DATA RECORDS:

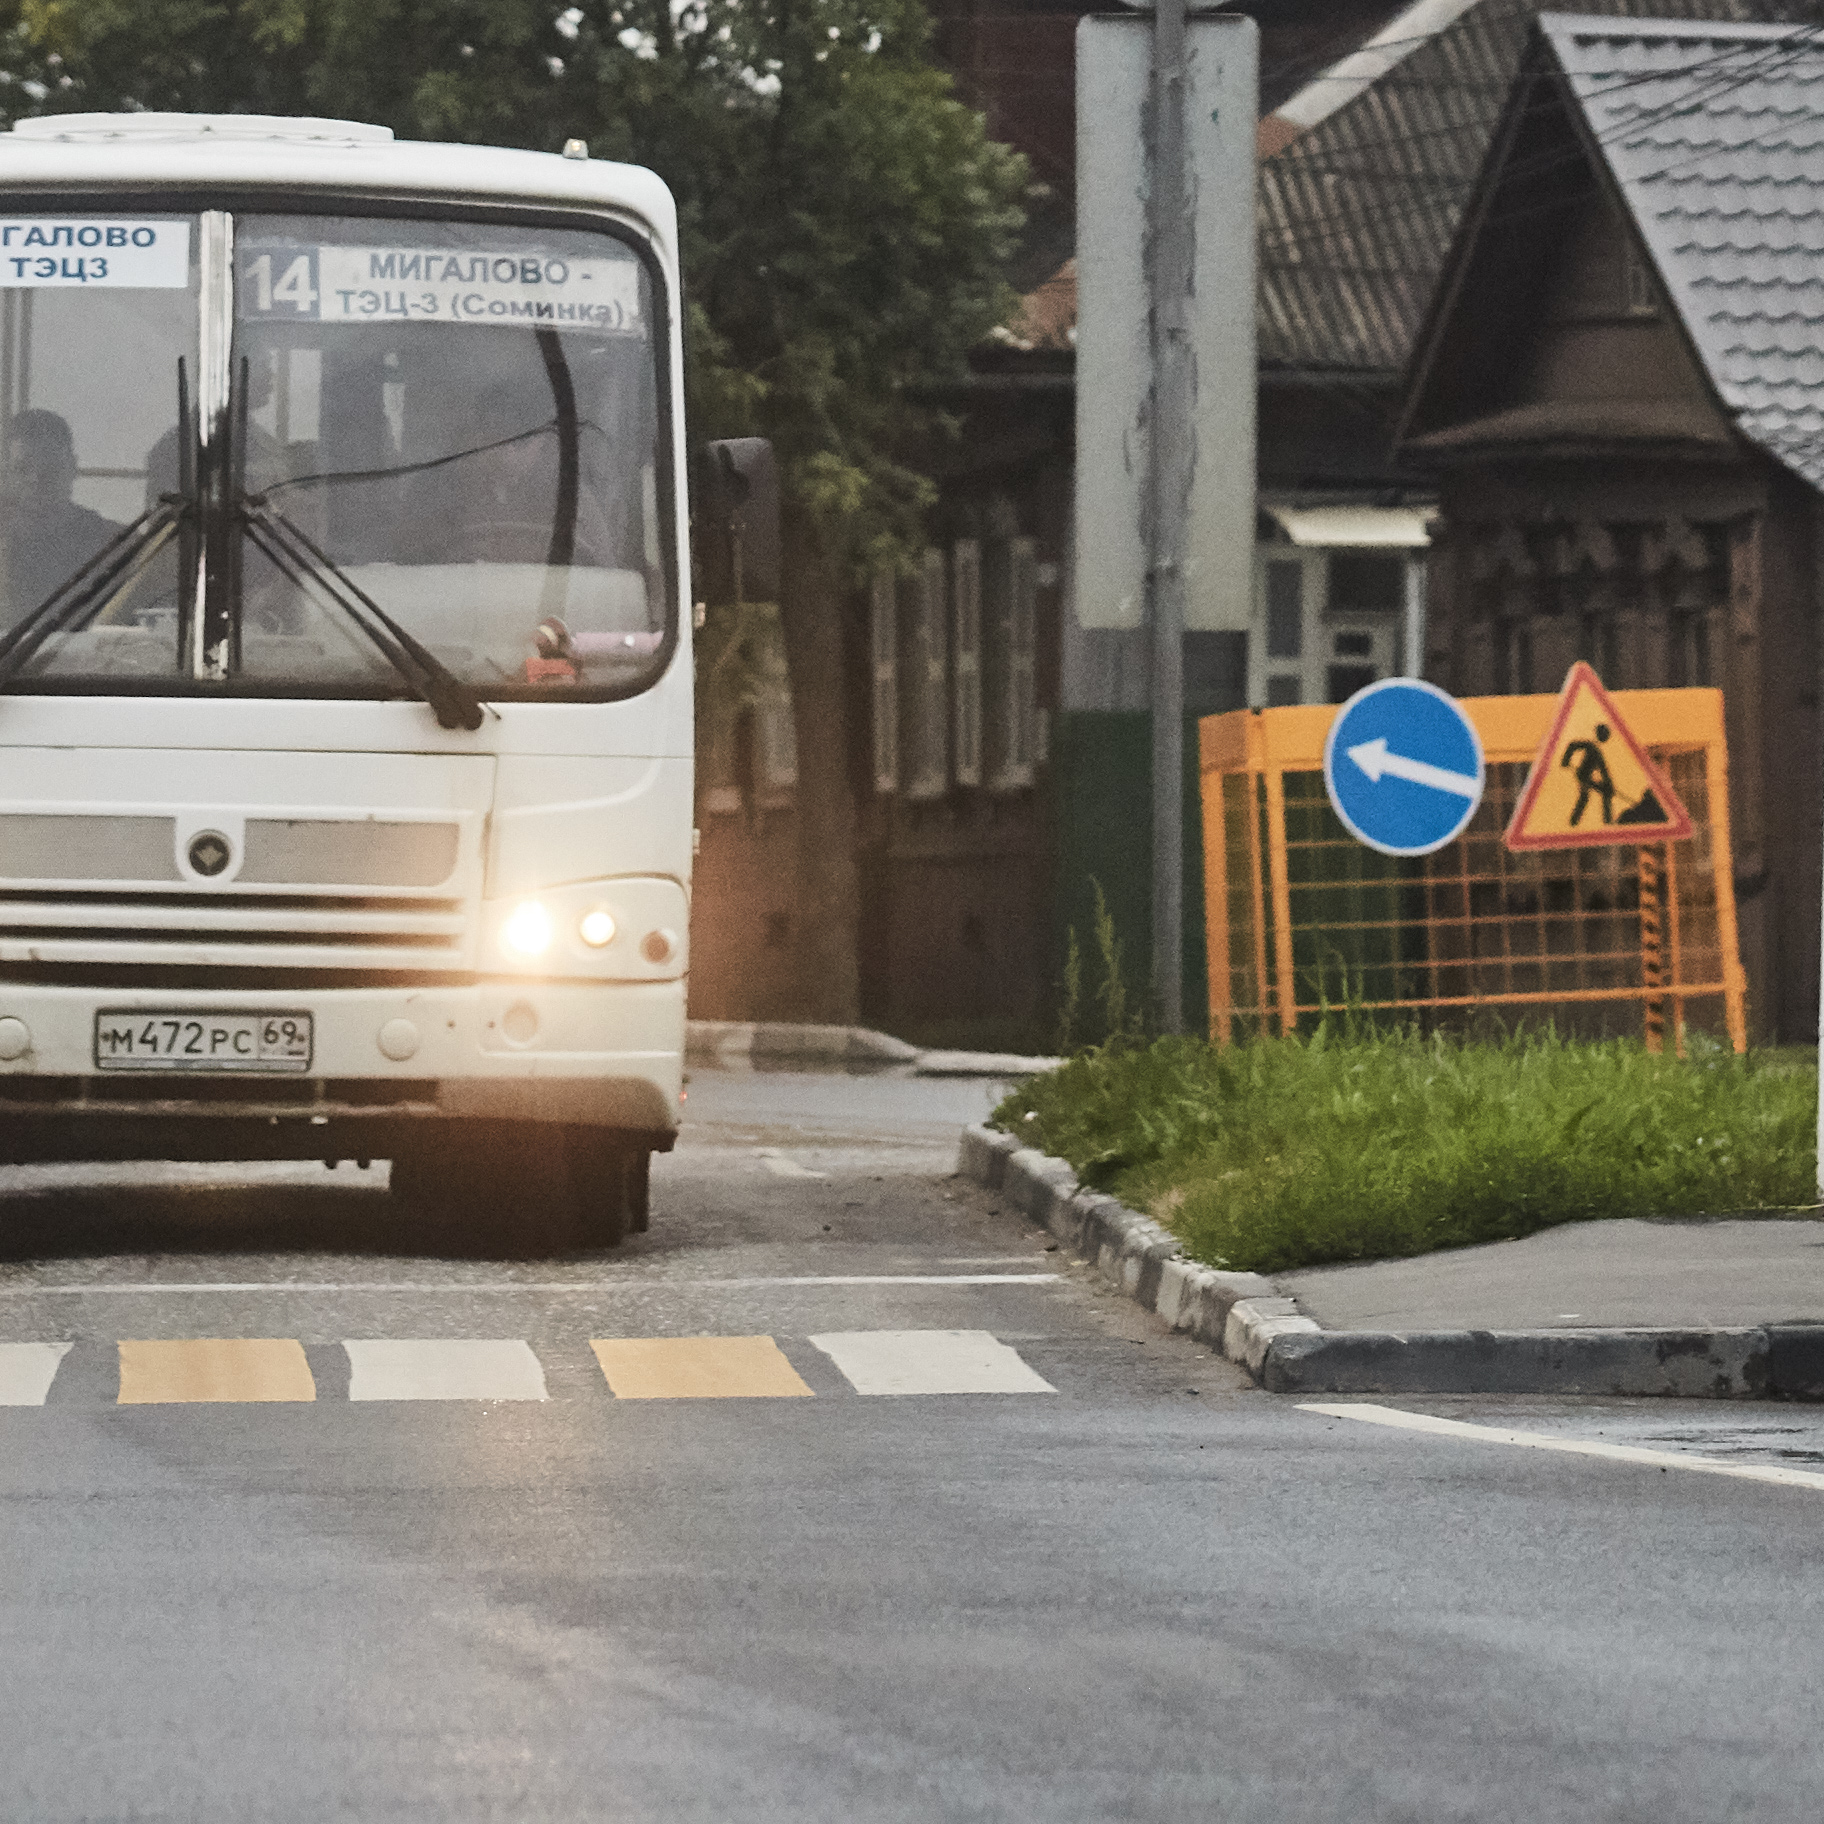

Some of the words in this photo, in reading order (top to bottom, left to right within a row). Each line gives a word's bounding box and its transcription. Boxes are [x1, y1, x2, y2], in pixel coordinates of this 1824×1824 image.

[245, 254, 318, 312] 14
[369, 252, 571, 285] МИГАЛОВО
[335, 288, 440, 316] ТЭЦ-3
[450, 291, 626, 326] (Соминка)
[109, 1020, 253, 1054] М472РС
[263, 1019, 298, 1045] 69

REQUIRED WORK: Skip the pictures and print each record exactly as it stands.

SOLVED PROBLEM:
Some of the words in this photo, in reading order (top to bottom, left to right within a row). Each line gives a word's bounding box and its transcription. Boxes are [x1, y1, x2, y2], in pixel coordinates of this 1824×1824 image.

[245, 254, 318, 312] 14
[369, 252, 571, 285] МИГАЛОВО
[335, 288, 440, 316] ТЭЦ-3
[450, 291, 626, 326] (Соминка)
[109, 1020, 253, 1054] М472РС
[263, 1019, 298, 1045] 69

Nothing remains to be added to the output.